▶ _Collected data_:
'''

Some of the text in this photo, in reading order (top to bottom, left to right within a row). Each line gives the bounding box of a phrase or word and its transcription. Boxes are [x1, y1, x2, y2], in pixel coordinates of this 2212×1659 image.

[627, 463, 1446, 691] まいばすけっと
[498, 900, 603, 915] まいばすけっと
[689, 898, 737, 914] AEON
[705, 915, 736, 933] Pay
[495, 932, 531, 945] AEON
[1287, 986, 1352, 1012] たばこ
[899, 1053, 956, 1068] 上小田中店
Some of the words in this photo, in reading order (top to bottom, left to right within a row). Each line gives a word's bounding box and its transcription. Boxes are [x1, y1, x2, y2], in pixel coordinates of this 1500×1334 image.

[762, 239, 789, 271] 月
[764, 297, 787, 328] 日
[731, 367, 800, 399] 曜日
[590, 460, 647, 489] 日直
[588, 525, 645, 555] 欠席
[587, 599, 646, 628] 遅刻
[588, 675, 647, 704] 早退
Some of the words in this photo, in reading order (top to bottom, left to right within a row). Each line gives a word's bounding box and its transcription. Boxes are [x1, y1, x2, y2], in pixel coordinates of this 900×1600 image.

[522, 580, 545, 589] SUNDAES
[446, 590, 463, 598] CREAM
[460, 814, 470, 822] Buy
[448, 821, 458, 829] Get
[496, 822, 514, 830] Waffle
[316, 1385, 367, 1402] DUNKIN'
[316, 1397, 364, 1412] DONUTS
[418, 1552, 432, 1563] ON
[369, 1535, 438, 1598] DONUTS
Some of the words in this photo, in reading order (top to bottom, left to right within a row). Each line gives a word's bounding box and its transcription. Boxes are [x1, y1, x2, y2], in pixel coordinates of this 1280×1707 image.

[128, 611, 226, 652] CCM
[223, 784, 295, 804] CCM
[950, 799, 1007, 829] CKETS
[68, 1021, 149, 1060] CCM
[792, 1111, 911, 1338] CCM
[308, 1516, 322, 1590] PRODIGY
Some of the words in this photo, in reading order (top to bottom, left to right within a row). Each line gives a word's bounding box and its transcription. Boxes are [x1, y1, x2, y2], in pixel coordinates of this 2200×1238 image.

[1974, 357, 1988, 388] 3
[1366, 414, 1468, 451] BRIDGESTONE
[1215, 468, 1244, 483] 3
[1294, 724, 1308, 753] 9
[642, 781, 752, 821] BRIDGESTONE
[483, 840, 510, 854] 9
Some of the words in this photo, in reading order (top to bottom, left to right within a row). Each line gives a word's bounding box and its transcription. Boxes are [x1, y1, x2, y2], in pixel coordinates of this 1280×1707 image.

'''

▶ _TASK PROMPT_: Please restate every record above word for word.

▶ _ANSWER AREA_:
Some of the text in this photo, in reading order (top to bottom, left to right within a row). Each line gives the bounding box of a phrase or word and its transcription. Boxes are [x1, y1, x2, y2], in pixel coordinates of this 2212×1659 image.

[627, 463, 1446, 691] まいばすけっと
[498, 900, 603, 915] まいばすけっと
[689, 898, 737, 914] AEON
[705, 915, 736, 933] Pay
[495, 932, 531, 945] AEON
[1287, 986, 1352, 1012] たばこ
[899, 1053, 956, 1068] 上小田中店
Some of the words in this photo, in reading order (top to bottom, left to right within a row). Each line gives a word's bounding box and its transcription. Boxes are [x1, y1, x2, y2], in pixel coordinates of this 1500×1334 image.

[762, 239, 789, 271] 月
[764, 297, 787, 328] 日
[731, 367, 800, 399] 曜日
[590, 460, 647, 489] 日直
[588, 525, 645, 555] 欠席
[587, 599, 646, 628] 遅刻
[588, 675, 647, 704] 早退
Some of the words in this photo, in reading order (top to bottom, left to right within a row). Each line gives a word's bounding box and its transcription. Boxes are [x1, y1, x2, y2], in pixel coordinates of this 900×1600 image.

[522, 580, 545, 589] SUNDAES
[446, 590, 463, 598] CREAM
[460, 814, 470, 822] Buy
[448, 821, 458, 829] Get
[496, 822, 514, 830] Waffle
[316, 1385, 367, 1402] DUNKIN'
[316, 1397, 364, 1412] DONUTS
[418, 1552, 432, 1563] ON
[369, 1535, 438, 1598] DONUTS
Some of the words in this photo, in reading order (top to bottom, left to right within a row). Each line gives a word's bounding box and its transcription. Boxes are [x1, y1, x2, y2], in pixel coordinates of this 1280×1707 image.

[128, 611, 226, 652] CCM
[223, 784, 295, 804] CCM
[950, 799, 1007, 829] CKETS
[68, 1021, 149, 1060] CCM
[792, 1111, 911, 1338] CCM
[308, 1516, 322, 1590] PRODIGY
Some of the words in this photo, in reading order (top to bottom, left to right within a row). Each line gives a word's bounding box and its transcription. Boxes are [x1, y1, x2, y2], in pixel coordinates of this 2200×1238 image.

[1974, 357, 1988, 388] 3
[1366, 414, 1468, 451] BRIDGESTONE
[1215, 468, 1244, 483] 3
[1294, 724, 1308, 753] 9
[642, 781, 752, 821] BRIDGESTONE
[483, 840, 510, 854] 9
Some of the words in this photo, in reading order (top to bottom, left to right within a row). Each line gives a word's bounding box and its transcription. Boxes are [x1, y1, x2, y2], in pixel coordinates of this 1280×1707 image.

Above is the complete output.